(Stored data entries)
=== Begin Enclosure ===

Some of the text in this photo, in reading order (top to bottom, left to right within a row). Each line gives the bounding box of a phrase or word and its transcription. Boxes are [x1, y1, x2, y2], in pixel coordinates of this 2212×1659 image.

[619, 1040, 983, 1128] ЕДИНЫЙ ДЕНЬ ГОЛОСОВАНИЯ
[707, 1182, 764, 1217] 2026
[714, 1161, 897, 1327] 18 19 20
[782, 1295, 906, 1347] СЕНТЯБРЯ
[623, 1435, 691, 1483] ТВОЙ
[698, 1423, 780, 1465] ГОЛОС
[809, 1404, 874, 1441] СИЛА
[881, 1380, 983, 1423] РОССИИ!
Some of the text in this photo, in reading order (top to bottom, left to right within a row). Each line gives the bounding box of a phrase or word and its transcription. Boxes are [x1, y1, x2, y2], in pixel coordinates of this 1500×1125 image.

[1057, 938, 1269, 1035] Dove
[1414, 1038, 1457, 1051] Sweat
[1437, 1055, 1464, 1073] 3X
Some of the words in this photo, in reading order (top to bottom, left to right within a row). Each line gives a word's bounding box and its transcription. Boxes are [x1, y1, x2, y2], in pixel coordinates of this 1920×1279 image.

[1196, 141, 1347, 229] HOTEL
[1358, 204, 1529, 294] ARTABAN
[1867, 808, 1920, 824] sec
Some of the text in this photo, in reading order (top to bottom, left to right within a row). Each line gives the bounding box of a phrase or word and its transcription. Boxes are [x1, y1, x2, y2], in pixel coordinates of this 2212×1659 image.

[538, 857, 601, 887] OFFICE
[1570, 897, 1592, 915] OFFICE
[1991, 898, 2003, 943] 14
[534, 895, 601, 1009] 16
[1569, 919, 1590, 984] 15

=== End Enclosure ===

Print precisely the lines from the one with "Some of the words" through the end of the data above, adding nothing.

Some of the words in this photo, in reading order (top to bottom, left to right within a row). Each line gives a word's bounding box and its transcription. Boxes are [x1, y1, x2, y2], in pixel coordinates of this 1920×1279 image.

[1196, 141, 1347, 229] HOTEL
[1358, 204, 1529, 294] ARTABAN
[1867, 808, 1920, 824] sec
Some of the text in this photo, in reading order (top to bottom, left to right within a row). Each line gives the bounding box of a phrase or word and its transcription. Boxes are [x1, y1, x2, y2], in pixel coordinates of this 2212×1659 image.

[538, 857, 601, 887] OFFICE
[1570, 897, 1592, 915] OFFICE
[1991, 898, 2003, 943] 14
[534, 895, 601, 1009] 16
[1569, 919, 1590, 984] 15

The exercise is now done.